WashPost's Lisa Miller Unglued: Vatican Wants Leftist Nuns to Be Seen as Scary Radical Islamists?

June 10th, 2012 6:26 AM

You don’t have to be Catholic to find the liberal media often sounds intentionally clueless when it writes about the Catholic Church publicly identifying for people both inside and outside the church what its teaching is.

When the church makes an announcement that perhaps someone who supports abortion, homosexuality, and masturbation isn’t really anywhere on the planet of Catholicism, liberal journalists have a fit. In Saturday’s Washington Post, (anti-)religion columnist Lisa Miller was so exercised she found someone to say the Vatican sees wayward nuns as comparable to Islamic terrorists (sort of like the Rosie O’Donnell character in An American Carol):

Lisa Isherwood is a real-life radical feminist theologian. She is editor of the journal Feminist Theology and a professor at Winchester University in England. She believes that the men at the Vatican are using the term “radical feminist” as a right-wing scare tactic, for it evokes other enemies far more dangerous than nuns. Their thinking, she says, goes like this: “We hear the word radical Islam, and everyone panics, so let’s chuck that at them.”

Just one paragraph in the latest Miller column identifies the sheer juvenility of her rhetorical mudslinging at the Catholic hierarchy:

The authors of these rebukes never define “feminism” or “radicalism.” In their hands, these words, which can carry legitimate intellectual meanings, appear to signify something like: “Yucky women who fail to heed our instructions and, anyway, don’t meet our standards of womanhood.” In other words, the sisters aren’t behaving as girls should.

That’s about as aggressive a misunderstanding a bratty columnist can muster. She also claimed that she believes top church officials have never met a radical feminist theologian – as if you need to meet one to know what they believe. But Miller’s adoring quotes from radical feminist theologians identify exactly where she – and by extension, the Washington Post “faith” and religion section crowd, stand. Miller goes nuclear with one Mary Daly:

She was driven to criticize her beloved church after she sat in on sessions of the Second Vatican Council in Rome and felt that women had no meaningful part in the proceedings. She was, she wrote later, appalled by “the contrast between the arrogant bearing and colorful attire of the ‘princes of the church,’ ” she wrote later, “and the humble, self-deprecating manner and somber clothing of the very few women....Watching the veiled nuns shuffle to the altar rail to receive Holy Communion from the hands of a priest was like observing a string of lowly ants at some bizarre picnic.”

In her breakthrough 1974 book, “Beyond God the Father,” Daly wrote, “If God is male, then the male is God. The divine patriarch castrates women as long as he is allowed to live on in the human imagination.” Now that’s a radical feminist for you.

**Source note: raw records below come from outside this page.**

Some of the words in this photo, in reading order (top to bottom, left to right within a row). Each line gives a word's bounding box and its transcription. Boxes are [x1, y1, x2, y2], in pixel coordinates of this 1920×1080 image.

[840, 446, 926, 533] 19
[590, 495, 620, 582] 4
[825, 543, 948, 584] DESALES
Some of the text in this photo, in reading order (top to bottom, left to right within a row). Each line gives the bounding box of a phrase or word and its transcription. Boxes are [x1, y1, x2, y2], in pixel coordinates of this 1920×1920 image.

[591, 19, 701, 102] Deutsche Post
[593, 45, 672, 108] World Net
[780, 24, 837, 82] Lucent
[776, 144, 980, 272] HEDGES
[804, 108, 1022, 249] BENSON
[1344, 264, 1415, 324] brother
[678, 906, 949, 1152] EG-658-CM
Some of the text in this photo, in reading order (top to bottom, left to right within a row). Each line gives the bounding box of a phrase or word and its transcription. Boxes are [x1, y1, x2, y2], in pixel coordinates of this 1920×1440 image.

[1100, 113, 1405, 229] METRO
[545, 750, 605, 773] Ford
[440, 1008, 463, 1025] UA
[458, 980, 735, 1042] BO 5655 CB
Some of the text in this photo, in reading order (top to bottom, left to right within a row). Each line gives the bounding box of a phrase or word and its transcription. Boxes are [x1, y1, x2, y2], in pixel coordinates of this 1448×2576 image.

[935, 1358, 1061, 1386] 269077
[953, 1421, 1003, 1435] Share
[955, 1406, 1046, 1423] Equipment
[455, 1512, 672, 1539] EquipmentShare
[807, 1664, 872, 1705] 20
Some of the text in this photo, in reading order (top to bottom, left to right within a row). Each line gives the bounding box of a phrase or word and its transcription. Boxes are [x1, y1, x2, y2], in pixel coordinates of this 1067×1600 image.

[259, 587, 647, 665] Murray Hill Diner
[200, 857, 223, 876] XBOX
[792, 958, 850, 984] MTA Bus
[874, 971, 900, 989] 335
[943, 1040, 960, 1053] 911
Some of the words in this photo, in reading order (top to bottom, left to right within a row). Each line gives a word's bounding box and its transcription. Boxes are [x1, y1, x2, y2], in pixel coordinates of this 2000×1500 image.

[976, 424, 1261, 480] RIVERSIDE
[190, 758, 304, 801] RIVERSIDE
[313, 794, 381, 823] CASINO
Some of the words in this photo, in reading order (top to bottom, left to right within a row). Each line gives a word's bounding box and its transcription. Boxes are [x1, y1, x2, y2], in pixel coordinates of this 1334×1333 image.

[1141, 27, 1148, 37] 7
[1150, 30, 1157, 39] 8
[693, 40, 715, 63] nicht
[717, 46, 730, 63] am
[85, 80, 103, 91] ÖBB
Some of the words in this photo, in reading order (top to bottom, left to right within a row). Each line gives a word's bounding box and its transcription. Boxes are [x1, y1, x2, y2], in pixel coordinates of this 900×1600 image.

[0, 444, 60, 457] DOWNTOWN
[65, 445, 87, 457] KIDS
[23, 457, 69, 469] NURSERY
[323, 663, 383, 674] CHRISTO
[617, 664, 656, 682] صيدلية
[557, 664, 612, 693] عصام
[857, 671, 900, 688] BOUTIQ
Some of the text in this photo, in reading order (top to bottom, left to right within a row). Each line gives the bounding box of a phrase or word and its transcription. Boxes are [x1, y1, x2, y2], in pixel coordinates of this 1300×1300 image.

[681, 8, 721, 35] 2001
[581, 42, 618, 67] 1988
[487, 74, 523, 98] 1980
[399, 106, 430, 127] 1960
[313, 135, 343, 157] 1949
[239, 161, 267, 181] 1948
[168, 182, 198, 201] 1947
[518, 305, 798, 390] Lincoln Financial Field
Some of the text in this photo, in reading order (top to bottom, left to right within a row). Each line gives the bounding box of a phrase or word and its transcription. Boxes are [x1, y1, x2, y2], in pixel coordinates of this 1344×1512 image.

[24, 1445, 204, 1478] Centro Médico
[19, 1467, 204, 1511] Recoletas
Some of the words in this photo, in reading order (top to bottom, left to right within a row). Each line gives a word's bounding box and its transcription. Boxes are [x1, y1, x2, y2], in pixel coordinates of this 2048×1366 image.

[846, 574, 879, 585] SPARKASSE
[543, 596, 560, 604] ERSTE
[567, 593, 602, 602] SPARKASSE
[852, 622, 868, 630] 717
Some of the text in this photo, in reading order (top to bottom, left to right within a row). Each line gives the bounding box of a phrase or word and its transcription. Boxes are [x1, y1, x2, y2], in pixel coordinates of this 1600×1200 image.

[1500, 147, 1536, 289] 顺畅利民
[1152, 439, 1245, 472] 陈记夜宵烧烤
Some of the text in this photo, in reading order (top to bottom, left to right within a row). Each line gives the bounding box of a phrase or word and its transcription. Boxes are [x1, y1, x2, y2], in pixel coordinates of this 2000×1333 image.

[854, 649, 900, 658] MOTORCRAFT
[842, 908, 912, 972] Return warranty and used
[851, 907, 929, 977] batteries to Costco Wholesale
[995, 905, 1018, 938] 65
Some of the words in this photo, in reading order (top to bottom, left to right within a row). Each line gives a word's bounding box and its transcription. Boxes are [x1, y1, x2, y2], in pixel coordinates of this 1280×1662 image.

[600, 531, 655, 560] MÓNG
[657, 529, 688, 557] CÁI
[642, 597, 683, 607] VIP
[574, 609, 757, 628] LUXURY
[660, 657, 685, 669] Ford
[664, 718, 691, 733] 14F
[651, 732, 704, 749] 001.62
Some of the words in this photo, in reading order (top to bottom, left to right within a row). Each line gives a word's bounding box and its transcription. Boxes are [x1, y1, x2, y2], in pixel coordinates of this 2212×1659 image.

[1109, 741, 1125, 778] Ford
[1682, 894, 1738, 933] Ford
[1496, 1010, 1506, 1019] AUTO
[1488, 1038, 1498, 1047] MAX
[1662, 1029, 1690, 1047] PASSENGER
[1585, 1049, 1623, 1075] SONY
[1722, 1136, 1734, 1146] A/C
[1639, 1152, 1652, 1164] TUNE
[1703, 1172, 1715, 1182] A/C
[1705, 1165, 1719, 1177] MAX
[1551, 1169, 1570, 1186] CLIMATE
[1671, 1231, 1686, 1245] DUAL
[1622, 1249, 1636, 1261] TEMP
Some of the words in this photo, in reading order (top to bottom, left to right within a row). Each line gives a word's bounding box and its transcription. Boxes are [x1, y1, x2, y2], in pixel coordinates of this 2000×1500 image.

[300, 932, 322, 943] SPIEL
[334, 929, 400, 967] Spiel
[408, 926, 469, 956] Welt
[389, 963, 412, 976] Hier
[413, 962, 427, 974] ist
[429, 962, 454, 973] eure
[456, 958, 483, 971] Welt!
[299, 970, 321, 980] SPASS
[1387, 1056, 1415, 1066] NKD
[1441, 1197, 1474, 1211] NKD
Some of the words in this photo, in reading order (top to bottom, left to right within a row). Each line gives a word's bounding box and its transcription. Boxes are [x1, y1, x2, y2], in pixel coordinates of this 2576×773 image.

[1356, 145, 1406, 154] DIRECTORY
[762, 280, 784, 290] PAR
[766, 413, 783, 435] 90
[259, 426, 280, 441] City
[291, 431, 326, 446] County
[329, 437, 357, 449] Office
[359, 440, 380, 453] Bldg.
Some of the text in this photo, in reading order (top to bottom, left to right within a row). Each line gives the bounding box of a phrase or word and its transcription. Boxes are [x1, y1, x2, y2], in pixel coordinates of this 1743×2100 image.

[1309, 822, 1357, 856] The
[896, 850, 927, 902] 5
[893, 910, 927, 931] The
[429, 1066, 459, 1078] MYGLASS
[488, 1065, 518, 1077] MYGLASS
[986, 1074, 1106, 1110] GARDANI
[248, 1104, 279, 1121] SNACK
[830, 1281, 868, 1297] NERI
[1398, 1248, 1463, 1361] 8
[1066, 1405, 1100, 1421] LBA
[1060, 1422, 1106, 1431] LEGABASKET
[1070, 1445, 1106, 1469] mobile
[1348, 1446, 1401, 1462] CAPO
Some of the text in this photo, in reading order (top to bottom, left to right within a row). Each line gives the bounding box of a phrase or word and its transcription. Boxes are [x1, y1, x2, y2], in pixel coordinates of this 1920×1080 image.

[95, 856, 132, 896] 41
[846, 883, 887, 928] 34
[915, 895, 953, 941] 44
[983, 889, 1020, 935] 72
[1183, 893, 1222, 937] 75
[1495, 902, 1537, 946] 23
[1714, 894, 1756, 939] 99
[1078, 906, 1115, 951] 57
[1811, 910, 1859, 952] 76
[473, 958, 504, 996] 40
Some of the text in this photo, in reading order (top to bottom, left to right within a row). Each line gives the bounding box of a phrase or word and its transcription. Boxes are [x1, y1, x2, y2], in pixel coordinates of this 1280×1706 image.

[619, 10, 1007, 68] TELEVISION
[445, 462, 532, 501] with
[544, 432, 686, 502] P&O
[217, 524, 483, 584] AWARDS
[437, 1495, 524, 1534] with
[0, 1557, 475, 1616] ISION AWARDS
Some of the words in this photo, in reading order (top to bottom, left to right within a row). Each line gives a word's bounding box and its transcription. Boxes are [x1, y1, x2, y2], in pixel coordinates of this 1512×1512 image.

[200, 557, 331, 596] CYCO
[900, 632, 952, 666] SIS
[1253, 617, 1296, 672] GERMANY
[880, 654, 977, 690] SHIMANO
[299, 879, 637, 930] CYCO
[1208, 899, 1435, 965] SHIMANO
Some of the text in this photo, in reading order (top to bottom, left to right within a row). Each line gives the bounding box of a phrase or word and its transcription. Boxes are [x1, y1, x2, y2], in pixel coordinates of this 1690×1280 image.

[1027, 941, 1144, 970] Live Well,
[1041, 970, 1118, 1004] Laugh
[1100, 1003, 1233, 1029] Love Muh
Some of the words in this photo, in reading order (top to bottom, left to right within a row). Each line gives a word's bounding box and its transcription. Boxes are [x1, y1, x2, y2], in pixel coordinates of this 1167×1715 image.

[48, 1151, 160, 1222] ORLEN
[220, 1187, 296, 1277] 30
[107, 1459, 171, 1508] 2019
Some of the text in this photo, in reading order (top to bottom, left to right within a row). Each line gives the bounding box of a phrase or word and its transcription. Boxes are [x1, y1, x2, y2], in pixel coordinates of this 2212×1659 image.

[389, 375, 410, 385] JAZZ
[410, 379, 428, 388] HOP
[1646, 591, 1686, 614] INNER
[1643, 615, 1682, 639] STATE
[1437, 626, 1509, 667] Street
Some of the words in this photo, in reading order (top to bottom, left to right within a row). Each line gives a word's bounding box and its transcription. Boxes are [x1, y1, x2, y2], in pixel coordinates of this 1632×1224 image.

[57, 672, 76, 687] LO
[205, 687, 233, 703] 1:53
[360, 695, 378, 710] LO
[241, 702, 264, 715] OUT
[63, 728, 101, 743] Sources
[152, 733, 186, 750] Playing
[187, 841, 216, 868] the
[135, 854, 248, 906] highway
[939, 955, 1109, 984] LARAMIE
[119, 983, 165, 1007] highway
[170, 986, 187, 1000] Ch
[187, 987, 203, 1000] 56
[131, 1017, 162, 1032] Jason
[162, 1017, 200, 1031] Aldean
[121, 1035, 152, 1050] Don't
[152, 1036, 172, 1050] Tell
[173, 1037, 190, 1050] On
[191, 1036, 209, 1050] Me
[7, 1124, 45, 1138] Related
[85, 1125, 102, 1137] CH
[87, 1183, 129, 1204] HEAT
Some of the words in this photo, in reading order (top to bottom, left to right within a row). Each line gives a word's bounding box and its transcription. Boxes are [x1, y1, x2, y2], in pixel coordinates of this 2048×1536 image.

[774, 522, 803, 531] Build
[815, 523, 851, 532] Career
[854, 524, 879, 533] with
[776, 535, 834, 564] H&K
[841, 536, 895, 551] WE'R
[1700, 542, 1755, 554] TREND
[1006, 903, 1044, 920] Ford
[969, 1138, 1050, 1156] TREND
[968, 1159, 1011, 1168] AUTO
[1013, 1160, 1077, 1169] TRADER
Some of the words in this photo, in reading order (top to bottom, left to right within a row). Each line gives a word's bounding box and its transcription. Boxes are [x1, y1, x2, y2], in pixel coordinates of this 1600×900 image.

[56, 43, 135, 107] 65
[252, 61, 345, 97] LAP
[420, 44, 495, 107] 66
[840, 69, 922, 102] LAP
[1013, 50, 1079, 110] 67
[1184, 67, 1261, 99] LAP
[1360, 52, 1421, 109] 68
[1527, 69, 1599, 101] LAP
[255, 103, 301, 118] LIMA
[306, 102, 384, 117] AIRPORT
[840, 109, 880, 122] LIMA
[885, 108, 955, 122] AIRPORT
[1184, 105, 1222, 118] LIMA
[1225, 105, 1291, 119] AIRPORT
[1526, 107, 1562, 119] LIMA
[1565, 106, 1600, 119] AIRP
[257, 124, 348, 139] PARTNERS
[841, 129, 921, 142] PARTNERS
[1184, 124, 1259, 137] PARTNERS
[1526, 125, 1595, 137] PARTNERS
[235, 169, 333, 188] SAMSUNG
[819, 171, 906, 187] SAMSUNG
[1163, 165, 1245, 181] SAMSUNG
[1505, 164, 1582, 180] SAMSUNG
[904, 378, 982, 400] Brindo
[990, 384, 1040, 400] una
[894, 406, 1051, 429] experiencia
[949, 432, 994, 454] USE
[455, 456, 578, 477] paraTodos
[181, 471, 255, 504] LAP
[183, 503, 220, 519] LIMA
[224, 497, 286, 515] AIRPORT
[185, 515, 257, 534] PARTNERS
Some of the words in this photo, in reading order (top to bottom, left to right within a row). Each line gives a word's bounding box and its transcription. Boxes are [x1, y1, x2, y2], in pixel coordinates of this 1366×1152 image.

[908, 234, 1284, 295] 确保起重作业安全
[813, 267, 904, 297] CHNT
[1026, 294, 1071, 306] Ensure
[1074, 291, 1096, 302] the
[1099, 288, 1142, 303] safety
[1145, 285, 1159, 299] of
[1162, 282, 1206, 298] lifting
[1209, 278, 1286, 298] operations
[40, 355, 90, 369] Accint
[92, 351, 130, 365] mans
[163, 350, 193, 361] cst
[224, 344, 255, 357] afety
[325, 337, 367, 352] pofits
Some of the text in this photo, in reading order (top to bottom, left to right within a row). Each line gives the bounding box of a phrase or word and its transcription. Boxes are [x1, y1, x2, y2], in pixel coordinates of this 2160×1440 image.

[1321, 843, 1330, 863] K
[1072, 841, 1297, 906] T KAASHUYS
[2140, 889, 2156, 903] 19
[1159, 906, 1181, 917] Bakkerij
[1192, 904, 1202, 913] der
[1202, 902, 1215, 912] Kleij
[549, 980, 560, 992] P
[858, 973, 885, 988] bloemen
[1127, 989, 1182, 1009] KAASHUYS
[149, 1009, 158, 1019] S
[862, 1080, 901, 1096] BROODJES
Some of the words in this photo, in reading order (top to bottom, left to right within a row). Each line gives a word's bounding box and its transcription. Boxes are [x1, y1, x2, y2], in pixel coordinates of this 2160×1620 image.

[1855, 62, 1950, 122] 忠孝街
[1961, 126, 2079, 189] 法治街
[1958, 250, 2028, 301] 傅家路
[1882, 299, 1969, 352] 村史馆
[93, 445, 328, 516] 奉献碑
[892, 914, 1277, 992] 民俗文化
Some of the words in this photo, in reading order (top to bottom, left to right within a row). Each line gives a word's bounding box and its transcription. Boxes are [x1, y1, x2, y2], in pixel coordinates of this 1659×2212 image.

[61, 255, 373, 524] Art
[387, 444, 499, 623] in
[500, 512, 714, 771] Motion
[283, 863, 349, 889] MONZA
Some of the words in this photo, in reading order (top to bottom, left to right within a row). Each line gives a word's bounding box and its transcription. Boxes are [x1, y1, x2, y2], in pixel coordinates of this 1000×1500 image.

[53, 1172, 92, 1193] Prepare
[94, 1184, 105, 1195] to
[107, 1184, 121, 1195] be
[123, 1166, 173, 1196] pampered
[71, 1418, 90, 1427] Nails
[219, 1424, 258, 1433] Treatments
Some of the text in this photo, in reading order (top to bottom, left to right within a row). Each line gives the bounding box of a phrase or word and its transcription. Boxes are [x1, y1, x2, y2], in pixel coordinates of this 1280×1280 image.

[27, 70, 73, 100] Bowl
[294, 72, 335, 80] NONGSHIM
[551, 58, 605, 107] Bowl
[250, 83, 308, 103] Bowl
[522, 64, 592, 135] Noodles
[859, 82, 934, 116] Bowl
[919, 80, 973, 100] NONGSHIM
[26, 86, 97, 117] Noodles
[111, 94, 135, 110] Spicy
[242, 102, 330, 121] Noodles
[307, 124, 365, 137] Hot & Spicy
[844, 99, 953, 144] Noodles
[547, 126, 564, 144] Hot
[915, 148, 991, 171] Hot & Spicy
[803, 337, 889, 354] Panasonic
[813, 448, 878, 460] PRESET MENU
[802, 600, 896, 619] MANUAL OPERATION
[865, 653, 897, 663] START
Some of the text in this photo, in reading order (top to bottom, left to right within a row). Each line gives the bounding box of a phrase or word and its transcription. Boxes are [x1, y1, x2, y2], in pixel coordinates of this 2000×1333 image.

You can almost see Miller in a rapturous glow as she quotes those words, but to faithful Catholics, Daly is simply perverse. To take the vision of humble nuns at the communion rail and see a line of pathetic ants in a bizarre ritual is to miss the point completely. Catholics would tell you there is nothing more dignifying of their humanity than to submit to the Eucharist and accept the body of Christ into their mouth. You’re not an ant on a cupcake. You’re participating in the mystical body of Christ.

But Miller doesn’t believe in any of that Vatican hogwash. To her, the nuns, if they’re worth their salt, took their vows of obedience to the church with the purpose of turning the whole enterprise on its patriarchal head. They’re supposed to be turning the ancient church into the Modern Feminist Temple of Lisa Miller and Mary Daly. If you're "beyond God the Father," then you're certainly "beyond" being a Catholic. If you can't speak the Sign of the Cross without vomiting, you should probably try something else.

You can believe the Catholic Church is a festering anthill of patriarchy. But you cannot believe that and at the same time, be described as a “beloved” supporter of it. Boston College certainly encouraged great misunderstanding by having Daly teach on its campus, at least in a way that would mislead people she was “inside” the “beloved” church. Miller left out that Daly was so radical she announced she would only teach women.

You certainly can’t believe a liberal newspaper like The Washington Post would tolerate someone inside its pages that would so aggressively believe The Washington Post is the focus of evil in the modern world. By featuring Miller on their Saturday religion page every week, the Post is announcing their endorsement of the Miller view that religion is a dangerously oppressive force – unless and until it stands for the Post’s version of “social justice.”